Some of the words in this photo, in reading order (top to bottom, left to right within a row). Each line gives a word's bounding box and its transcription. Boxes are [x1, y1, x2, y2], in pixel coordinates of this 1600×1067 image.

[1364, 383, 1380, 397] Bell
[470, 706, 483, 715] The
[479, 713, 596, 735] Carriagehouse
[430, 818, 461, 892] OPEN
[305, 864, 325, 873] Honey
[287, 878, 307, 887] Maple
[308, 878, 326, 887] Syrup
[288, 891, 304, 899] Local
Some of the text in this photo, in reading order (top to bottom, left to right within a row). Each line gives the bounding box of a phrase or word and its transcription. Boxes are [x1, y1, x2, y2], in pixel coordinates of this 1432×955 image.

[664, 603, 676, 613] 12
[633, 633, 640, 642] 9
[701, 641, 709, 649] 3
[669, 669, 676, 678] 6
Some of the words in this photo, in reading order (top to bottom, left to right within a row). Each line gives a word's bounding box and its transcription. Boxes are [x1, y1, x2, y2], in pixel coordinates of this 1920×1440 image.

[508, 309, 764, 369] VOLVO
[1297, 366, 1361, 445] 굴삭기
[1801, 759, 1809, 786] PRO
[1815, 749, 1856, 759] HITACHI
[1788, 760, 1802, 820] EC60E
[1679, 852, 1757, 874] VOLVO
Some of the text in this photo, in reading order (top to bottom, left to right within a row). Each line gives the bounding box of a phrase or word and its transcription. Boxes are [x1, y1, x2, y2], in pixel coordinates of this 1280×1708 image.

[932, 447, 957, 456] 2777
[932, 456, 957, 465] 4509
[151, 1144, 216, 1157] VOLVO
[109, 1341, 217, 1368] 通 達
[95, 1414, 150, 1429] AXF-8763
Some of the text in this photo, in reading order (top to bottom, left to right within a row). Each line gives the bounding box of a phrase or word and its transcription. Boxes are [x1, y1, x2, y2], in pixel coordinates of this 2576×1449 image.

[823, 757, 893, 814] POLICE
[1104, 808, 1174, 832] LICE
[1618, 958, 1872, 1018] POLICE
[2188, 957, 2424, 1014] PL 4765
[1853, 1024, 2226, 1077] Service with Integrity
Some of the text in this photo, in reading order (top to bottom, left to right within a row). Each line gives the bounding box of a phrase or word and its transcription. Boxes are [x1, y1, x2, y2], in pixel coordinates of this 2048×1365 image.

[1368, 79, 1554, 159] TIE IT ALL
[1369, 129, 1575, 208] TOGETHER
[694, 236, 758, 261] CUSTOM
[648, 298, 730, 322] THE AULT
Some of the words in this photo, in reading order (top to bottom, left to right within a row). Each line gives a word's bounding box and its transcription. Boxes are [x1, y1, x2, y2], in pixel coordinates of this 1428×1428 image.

◇ ◇ ◇ ◇ ◇ ◇ ◇

The answer must be an exact transcription of every record above.

Result for this exercise -
Some of the words in this photo, in reading order (top to bottom, left to right within a row). Each line gives a word's bounding box and its transcription. Boxes are [x1, y1, x2, y2], in pixel coordinates of this 1600×1067 image.

[1364, 383, 1380, 397] Bell
[470, 706, 483, 715] The
[479, 713, 596, 735] Carriagehouse
[430, 818, 461, 892] OPEN
[305, 864, 325, 873] Honey
[287, 878, 307, 887] Maple
[308, 878, 326, 887] Syrup
[288, 891, 304, 899] Local
Some of the text in this photo, in reading order (top to bottom, left to right within a row). Each line gives the bounding box of a phrase or word and its transcription. Boxes are [x1, y1, x2, y2], in pixel coordinates of this 1432×955 image.

[664, 603, 676, 613] 12
[633, 633, 640, 642] 9
[701, 641, 709, 649] 3
[669, 669, 676, 678] 6
Some of the words in this photo, in reading order (top to bottom, left to right within a row). Each line gives a word's bounding box and its transcription. Boxes are [x1, y1, x2, y2], in pixel coordinates of this 1920×1440 image.

[508, 309, 764, 369] VOLVO
[1297, 366, 1361, 445] 굴삭기
[1801, 759, 1809, 786] PRO
[1815, 749, 1856, 759] HITACHI
[1788, 760, 1802, 820] EC60E
[1679, 852, 1757, 874] VOLVO
Some of the text in this photo, in reading order (top to bottom, left to right within a row). Each line gives the bounding box of a phrase or word and its transcription. Boxes are [x1, y1, x2, y2], in pixel coordinates of this 1280×1708 image.

[932, 447, 957, 456] 2777
[932, 456, 957, 465] 4509
[151, 1144, 216, 1157] VOLVO
[109, 1341, 217, 1368] 通 達
[95, 1414, 150, 1429] AXF-8763
Some of the text in this photo, in reading order (top to bottom, left to right within a row). Each line gives the bounding box of a phrase or word and its transcription. Boxes are [x1, y1, x2, y2], in pixel coordinates of this 2576×1449 image.

[823, 757, 893, 814] POLICE
[1104, 808, 1174, 832] LICE
[1618, 958, 1872, 1018] POLICE
[2188, 957, 2424, 1014] PL 4765
[1853, 1024, 2226, 1077] Service with Integrity
Some of the text in this photo, in reading order (top to bottom, left to right within a row). Each line gives the bounding box of a phrase or word and its transcription. Boxes are [x1, y1, x2, y2], in pixel coordinates of this 2048×1365 image.

[1368, 79, 1554, 159] TIE IT ALL
[1369, 129, 1575, 208] TOGETHER
[694, 236, 758, 261] CUSTOM
[648, 298, 730, 322] THE AULT
Some of the words in this photo, in reading order (top to bottom, left to right within a row). Each line gives a word's bounding box and its transcription. Boxes are [x1, y1, x2, y2], in pixel coordinates of this 1428×1428 image.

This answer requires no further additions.